### Data records ###

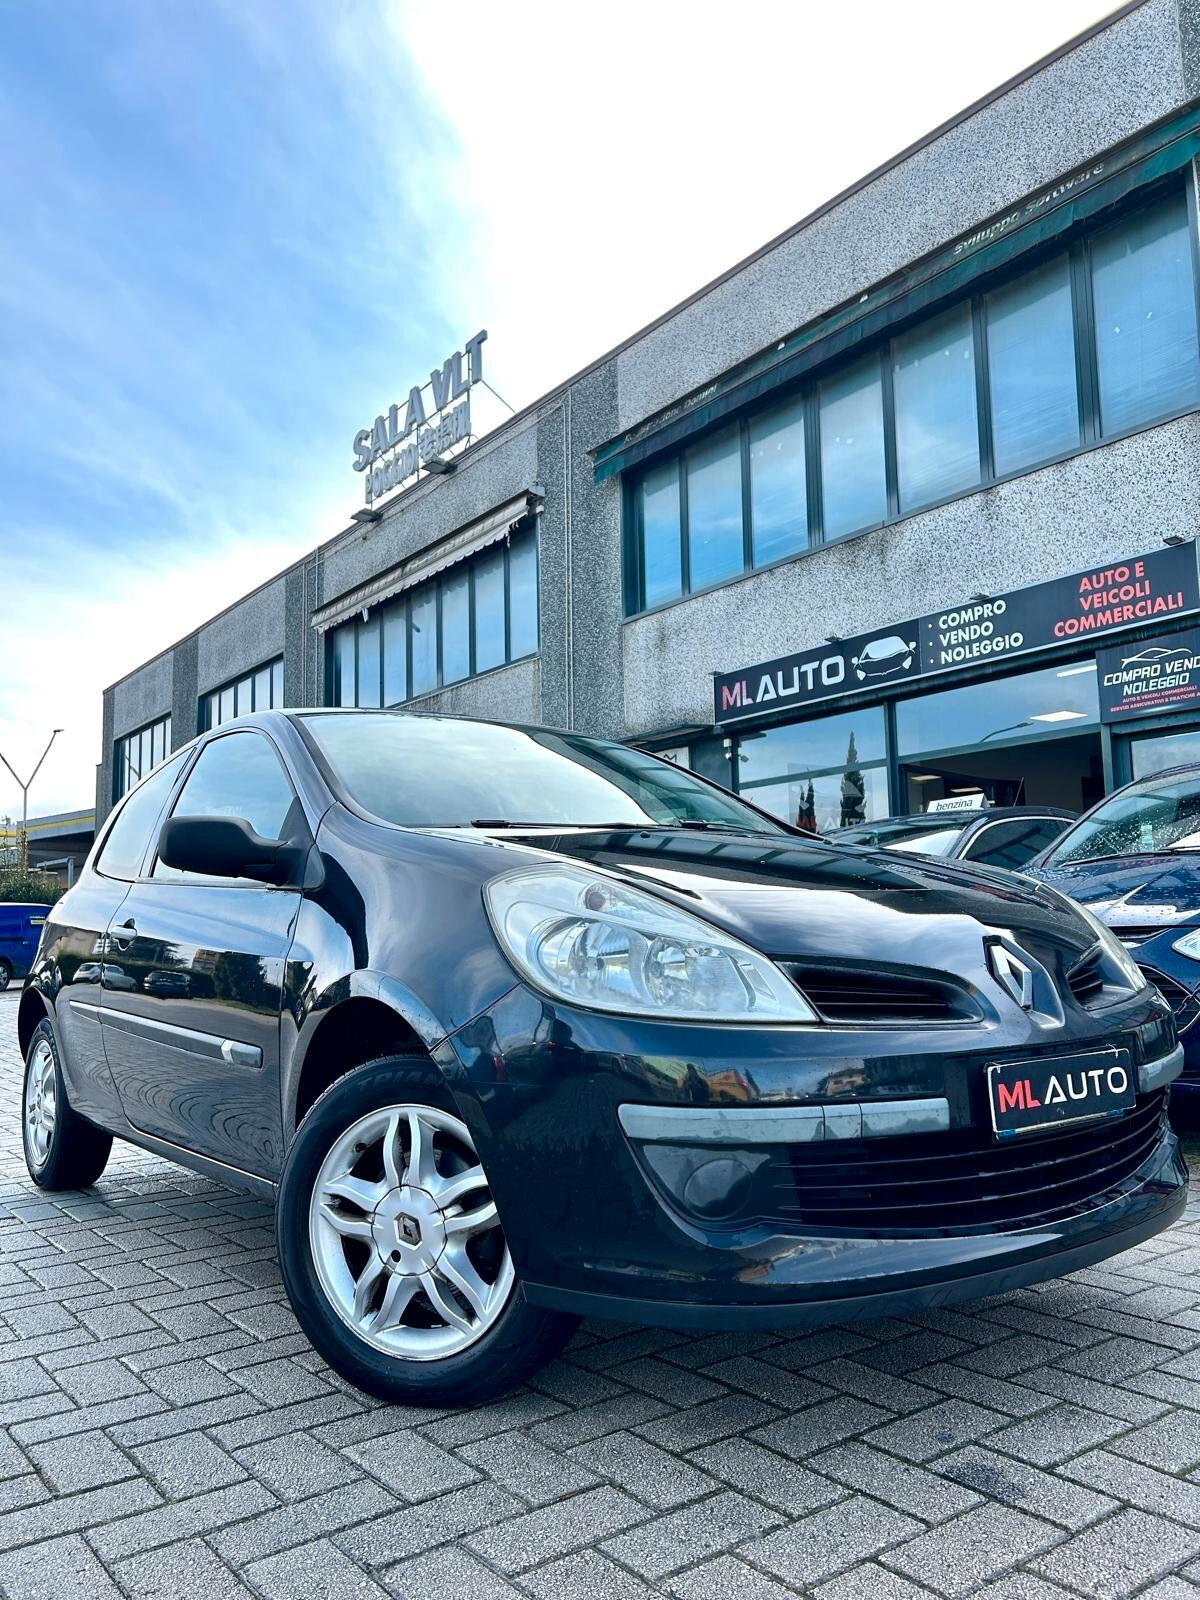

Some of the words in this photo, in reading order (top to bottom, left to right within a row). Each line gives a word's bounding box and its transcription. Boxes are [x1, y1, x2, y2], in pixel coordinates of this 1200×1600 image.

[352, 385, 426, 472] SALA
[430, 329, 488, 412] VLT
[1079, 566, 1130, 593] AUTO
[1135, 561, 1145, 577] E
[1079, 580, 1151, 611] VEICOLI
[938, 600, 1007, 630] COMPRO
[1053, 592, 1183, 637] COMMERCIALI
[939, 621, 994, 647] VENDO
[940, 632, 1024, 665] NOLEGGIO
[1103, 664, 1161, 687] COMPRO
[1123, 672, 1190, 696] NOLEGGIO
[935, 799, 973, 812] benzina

###

## Assignment
When you retype the data above, match every line exactly and leave the pictures behind.

## Reply to the exercise
Some of the words in this photo, in reading order (top to bottom, left to right within a row). Each line gives a word's bounding box and its transcription. Boxes are [x1, y1, x2, y2], in pixel coordinates of this 1200×1600 image.

[352, 385, 426, 472] SALA
[430, 329, 488, 412] VLT
[1079, 566, 1130, 593] AUTO
[1135, 561, 1145, 577] E
[1079, 580, 1151, 611] VEICOLI
[938, 600, 1007, 630] COMPRO
[1053, 592, 1183, 637] COMMERCIALI
[939, 621, 994, 647] VENDO
[940, 632, 1024, 665] NOLEGGIO
[1103, 664, 1161, 687] COMPRO
[1123, 672, 1190, 696] NOLEGGIO
[935, 799, 973, 812] benzina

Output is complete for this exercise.